André Zlattinger, Deputy Chairman, Post-War and Contemporary Art Europe: “Christie’s is thrilled to offer these exceptional paintings by two artists who represent the gamut of painting in the 21st century. Cecily Brown was recently included in the Whitechapel Gallery’s group exhibition ‘Radical Figures’ which focused on those pushing the boundaries of representation. Her sources are hugely varied and Carnival and Lent places her work in dialogue with Old Masters. Adrian Ghenie’s paintings explore moments of significant change in history using figures the viewer may not want to confront but is suddenly compelled to do so. Presenting these two innovative painters in our new relay-format auction, provides a global context within which their work can be viewed.”
The warm terracottas, visceral reds and cooler touches of lavender and teal in Cecily Brown’s Carnival and Lent echo the palette of Brueghel’s painting, detonating his bird’s-eye crowd scene into an immersive, fleshy scape of abstracted energy. Brueghel depicts Prince Carnival and Lady Lent—personifications of drunken appetite versus spiritual discipline—in a farcical joust, splitting his composition between the patrons of the inn and church that flank a Netherlandish town square. His work teems with earthy humour, playful detail and intricate symbolism. Its conflict between ribald abandon and monastic restraint makes it an apt figure for Brown’s practice, which draws vivid life from the tension between abstraction and figuration.
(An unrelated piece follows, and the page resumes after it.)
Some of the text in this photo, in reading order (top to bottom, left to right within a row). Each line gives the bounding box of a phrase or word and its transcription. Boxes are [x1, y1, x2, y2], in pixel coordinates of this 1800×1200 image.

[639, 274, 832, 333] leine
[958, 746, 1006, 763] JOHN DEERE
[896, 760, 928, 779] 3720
In Carnival and Lent’s lush bacchanal of hues it might seem clear that carnival has won out, but the work is nonetheless held together by Brown’s keen eye for structure: her paintings are unresolved battles between chaos and control, between body and mind, and between painter and paint itself.
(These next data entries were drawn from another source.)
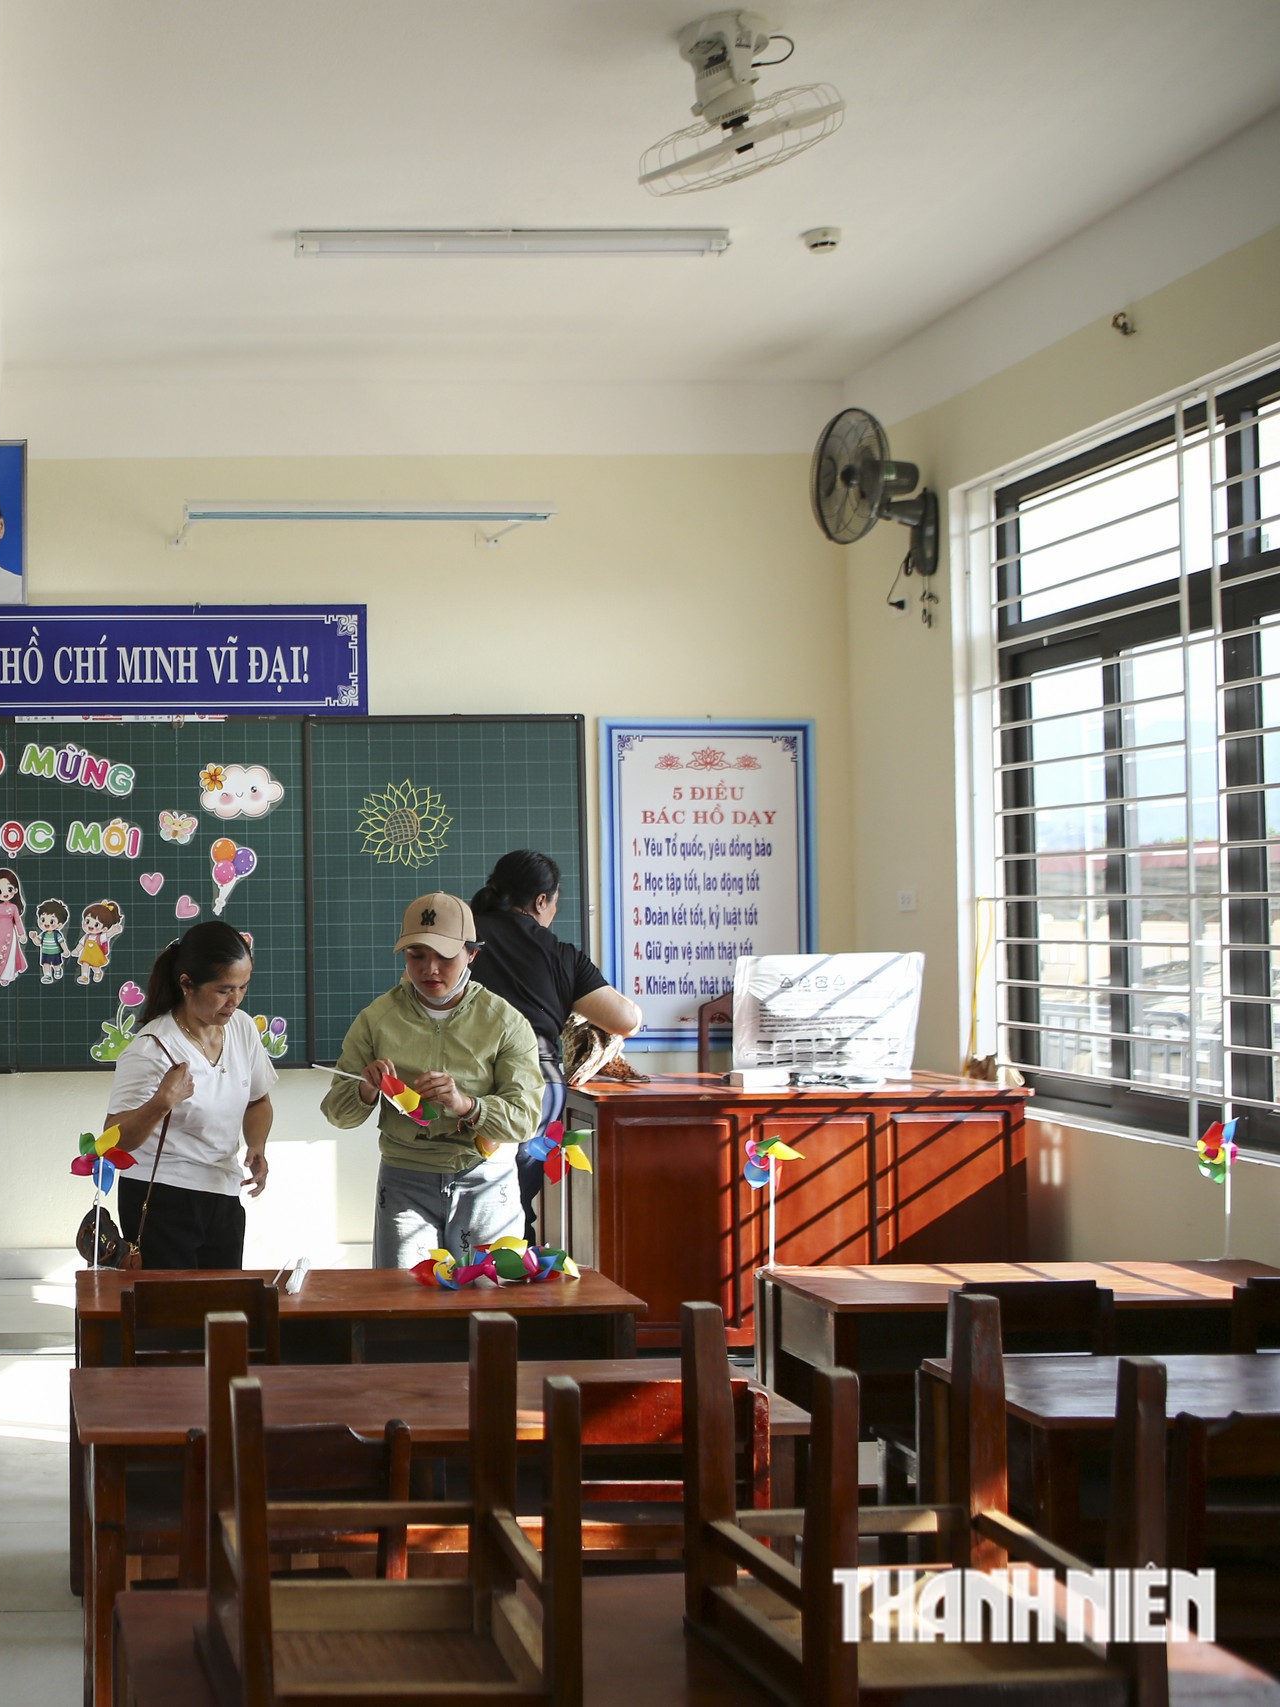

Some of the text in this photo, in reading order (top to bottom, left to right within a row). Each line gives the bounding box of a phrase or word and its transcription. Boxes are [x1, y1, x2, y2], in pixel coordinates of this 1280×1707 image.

[0, 626, 44, 684] HỒ
[54, 634, 108, 684] CHÍ
[117, 646, 198, 684] MINH
[207, 635, 239, 684] VĨ
[247, 645, 310, 693] ĐẠI!
[20, 743, 135, 796] MỪNG
[673, 780, 744, 800] 5 ĐIỀU
[641, 804, 776, 827] BÁC HỒ DẠY
[66, 818, 140, 858] MỚI
[633, 833, 772, 860] 1. Yêu Tổ quốc, yêu đồng bào
[633, 869, 760, 897] 2. Học tập tốt, lao động tốt
[634, 903, 758, 931] 3. Đoàn kết tốt, kỷ luật tốt
[634, 938, 753, 965] 4. Giữ gìn vệ sinh thật tốt
[634, 976, 643, 995] 5.
[646, 976, 676, 995] Khiêm
[679, 972, 697, 998] tốn,
[700, 976, 718, 1000] thật
Painted in 2015, the year that Adrian Ghenie represented Romania at the Venice Biennale, Arrival depicts Doctor Josef Mengele: the infamous Nazi physician, whose ghostly form recurs throughout the artist’s oeuvre. Informed by his own upbringing under totalitarian rule, Ghenie is fascinated by how we visualise the past. By translating his subjects into visceral, carnal spectres, the artist forces us to confront them as living, breathing beings, highlighting the ways in which we instinctively distance ourselves from our own history. While the present work’s title might be seen to refer to Mengele’s exiled arrival in South America, or, more broadly, the advent of a dark new chapter in European history, it also conjures the sense of revelation that Ghenie seeks to inspire in his viewers. Through the dense, painterly chaos of the work’s surface, we arrive at a moment of disturbing recognition, face to face with the horrors of the past. Ghenie’s complex historical imagination is founded upon an interest in turning points. Third Reich officials sit alongside Charles Darwin and Vincent Van Gogh as key members of his cast: all of them figures who, in the artist’s mind, ruptured the course of humanity.